Could you give the records below again exactly, without the pictures?

=== Source data ===

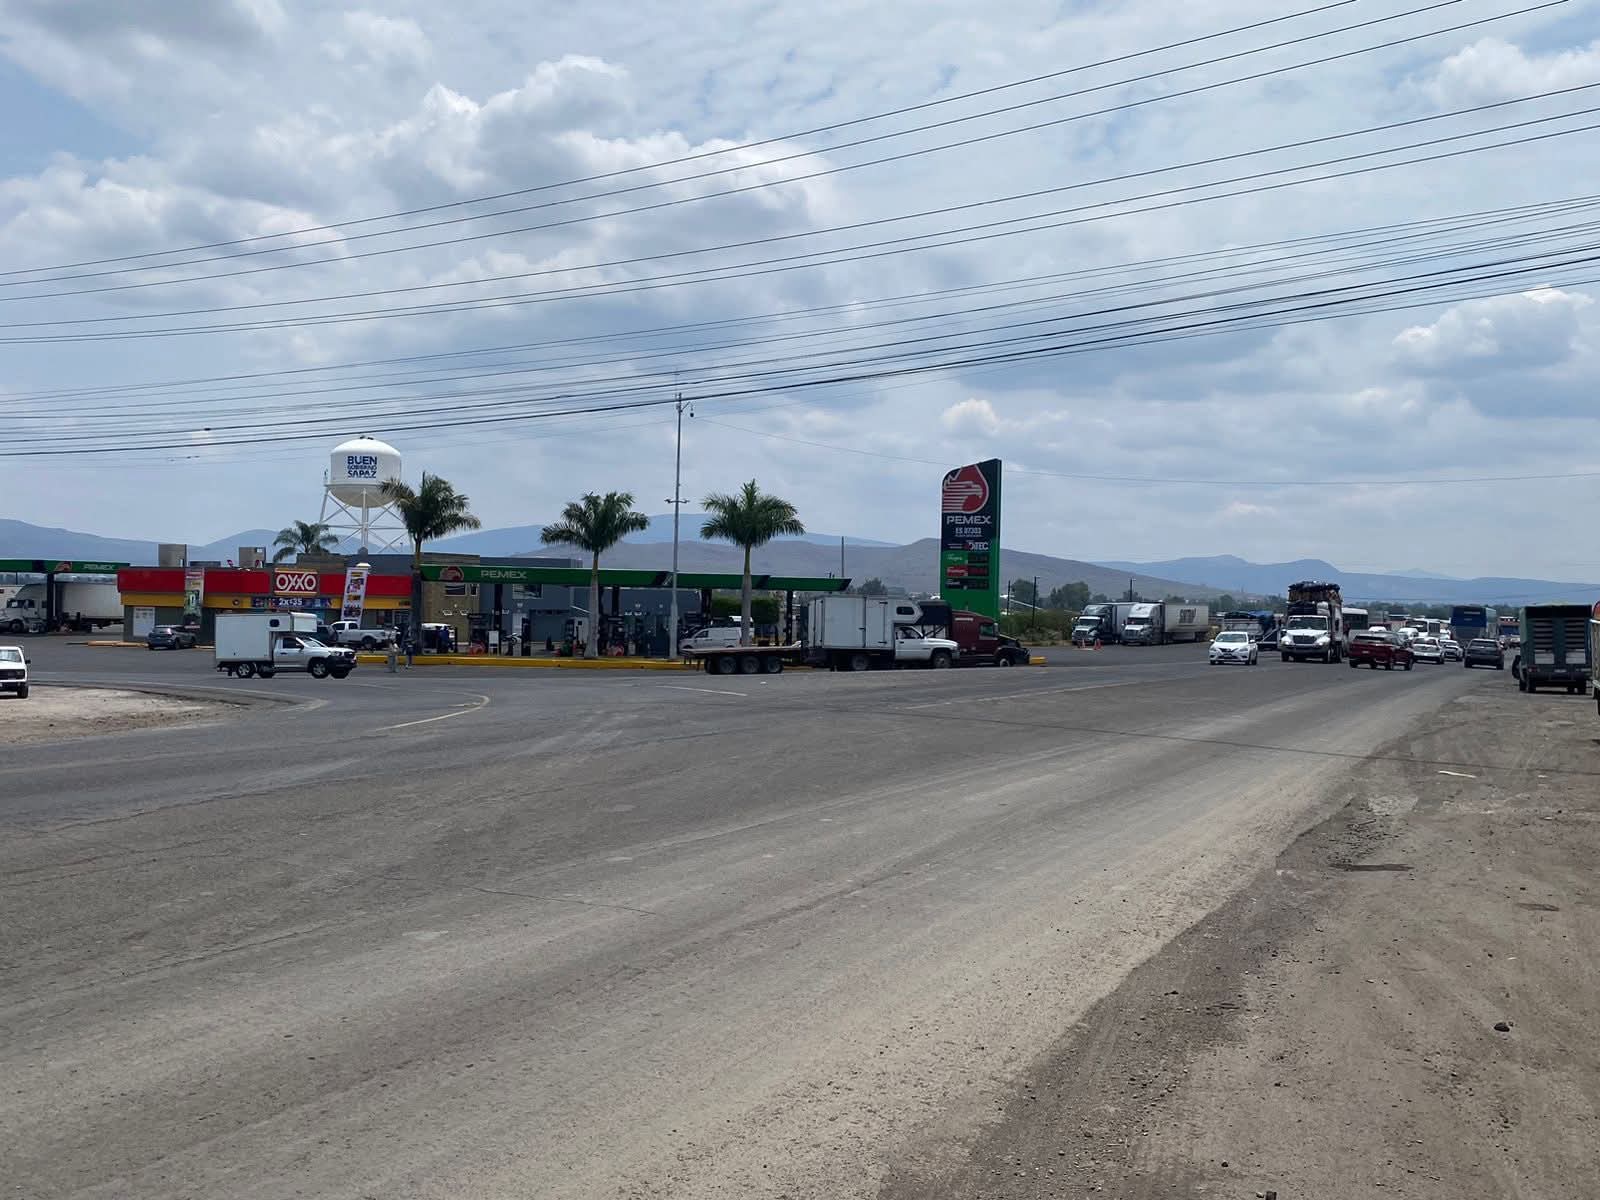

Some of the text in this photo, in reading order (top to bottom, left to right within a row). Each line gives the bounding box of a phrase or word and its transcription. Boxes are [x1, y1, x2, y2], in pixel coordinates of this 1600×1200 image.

[347, 455, 378, 465] BUEN
[347, 470, 378, 479] SAPAZ
[946, 515, 992, 525] PEMEX
[481, 570, 527, 579] PEMEX
[276, 573, 317, 592] OXXO
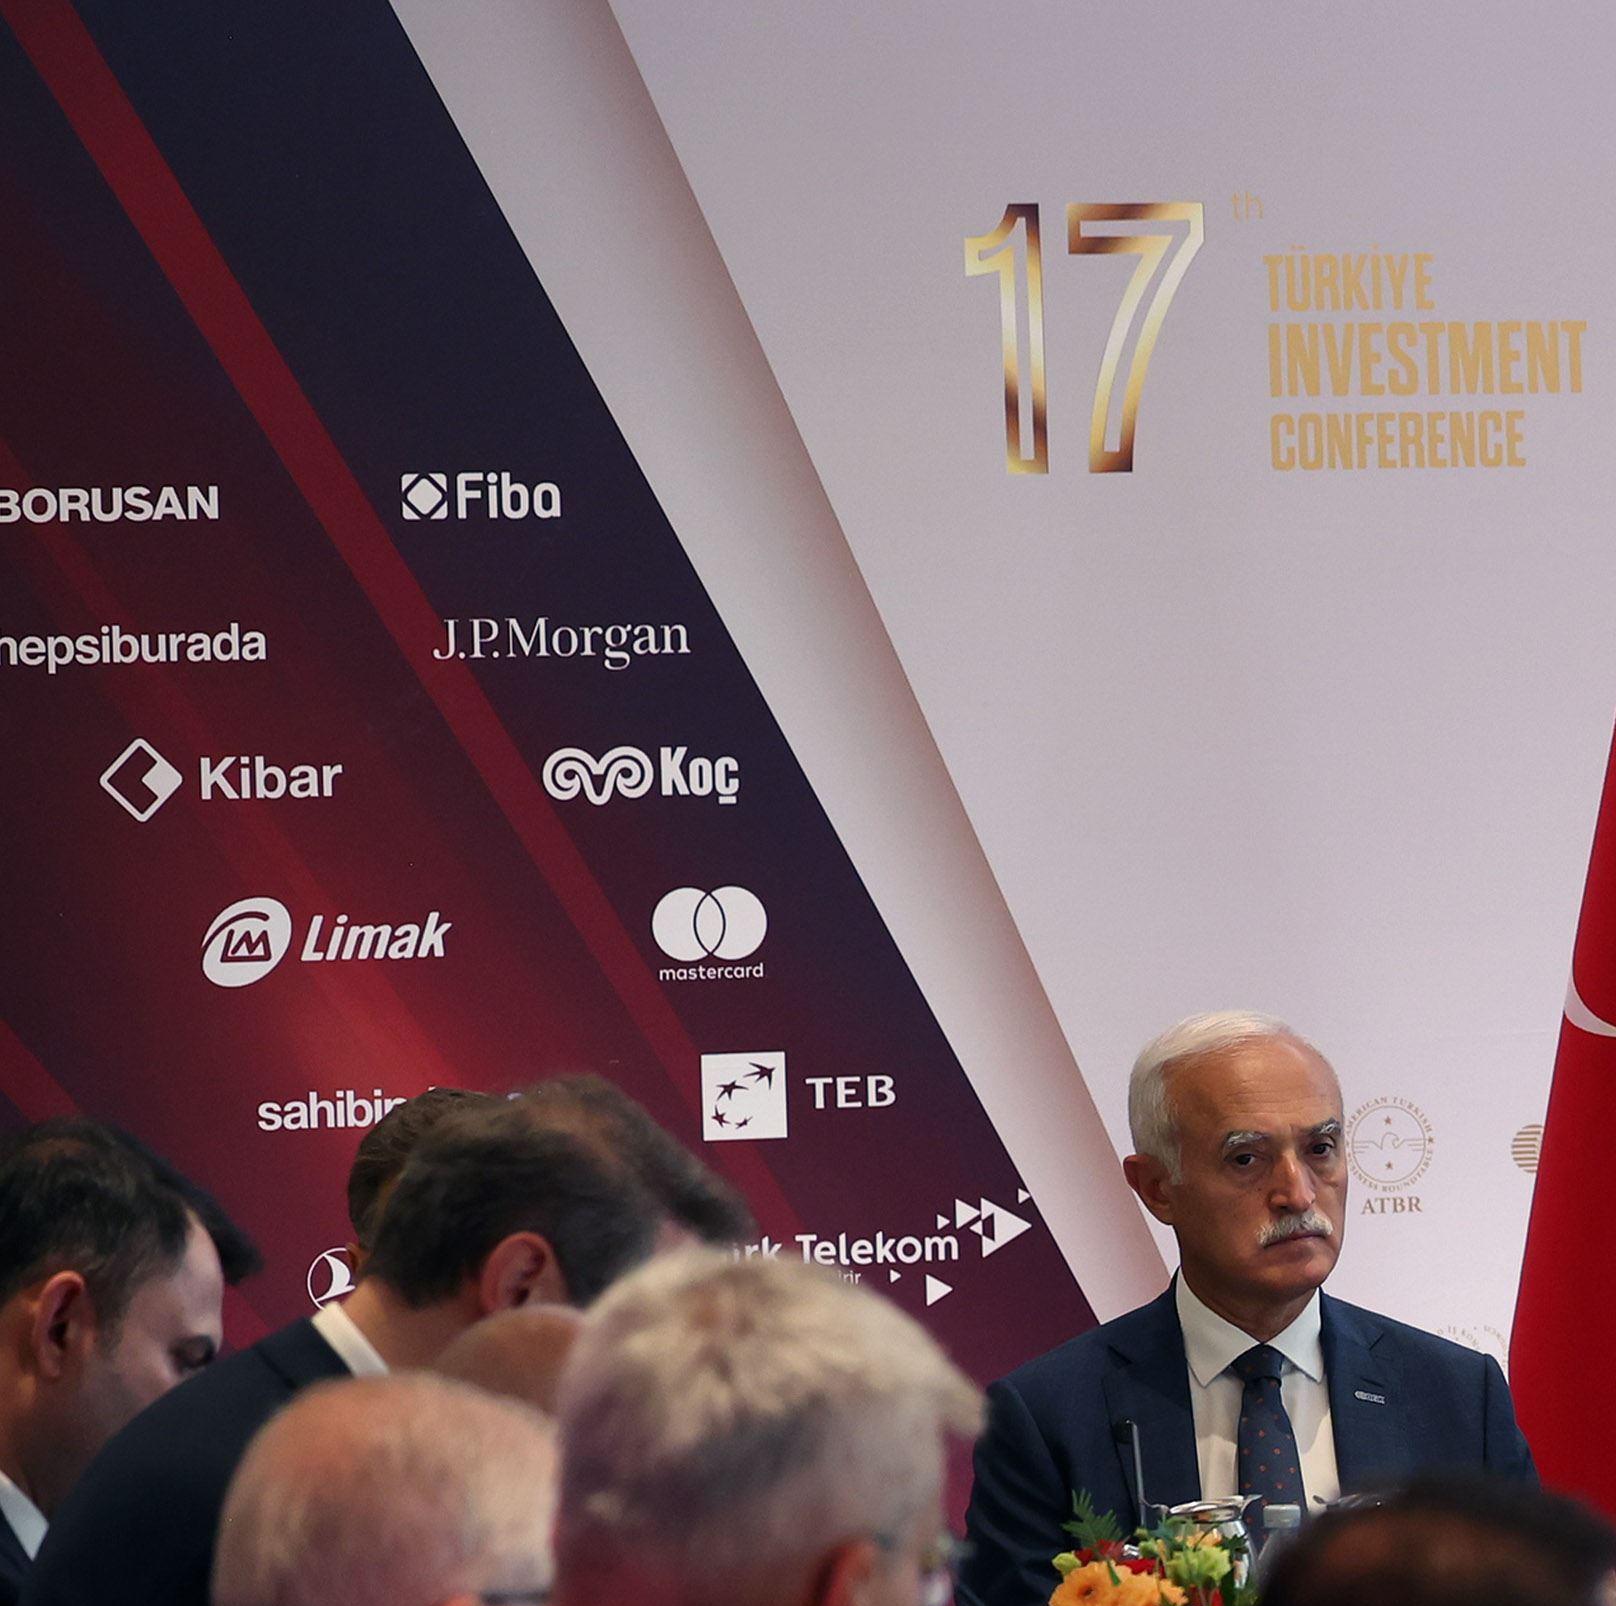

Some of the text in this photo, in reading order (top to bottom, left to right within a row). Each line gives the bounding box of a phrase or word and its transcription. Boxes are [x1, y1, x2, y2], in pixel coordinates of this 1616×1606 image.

[1262, 243, 1436, 312] TÜRKİYE
[964, 202, 1205, 475] 17
[1268, 320, 1587, 398] INVESTMENT
[1270, 410, 1527, 472] CONFERENCE
[456, 471, 562, 520] Fiba
[432, 616, 692, 671] J.P.Morgan
[200, 755, 344, 801] Kibar
[660, 745, 740, 805] Koç
[301, 911, 453, 962] Limak
[658, 963, 765, 981] mastercard
[805, 1074, 897, 1109] TEB
[1361, 1196, 1422, 1214] ATBR
[795, 1231, 959, 1266] Telekom

===

• [Task result]
Some of the text in this photo, in reading order (top to bottom, left to right within a row). Each line gives the bounding box of a phrase or word and its transcription. Boxes are [x1, y1, x2, y2], in pixel coordinates of this 1600×1200 image.

[347, 455, 378, 465] BUEN
[347, 470, 378, 479] SAPAZ
[946, 515, 992, 525] PEMEX
[481, 570, 527, 579] PEMEX
[276, 573, 317, 592] OXXO

Some of the text in this photo, in reading order (top to bottom, left to right within a row). Each line gives the bounding box of a phrase or word and its transcription. Boxes are [x1, y1, x2, y2], in pixel coordinates of this 1616×1606 image.

[1262, 243, 1436, 312] TÜRKİYE
[964, 202, 1205, 475] 17
[1268, 320, 1587, 398] INVESTMENT
[1270, 410, 1527, 472] CONFERENCE
[456, 471, 562, 520] Fiba
[432, 616, 692, 671] J.P.Morgan
[200, 755, 344, 801] Kibar
[660, 745, 740, 805] Koç
[301, 911, 453, 962] Limak
[658, 963, 765, 981] mastercard
[805, 1074, 897, 1109] TEB
[1361, 1196, 1422, 1214] ATBR
[795, 1231, 959, 1266] Telekom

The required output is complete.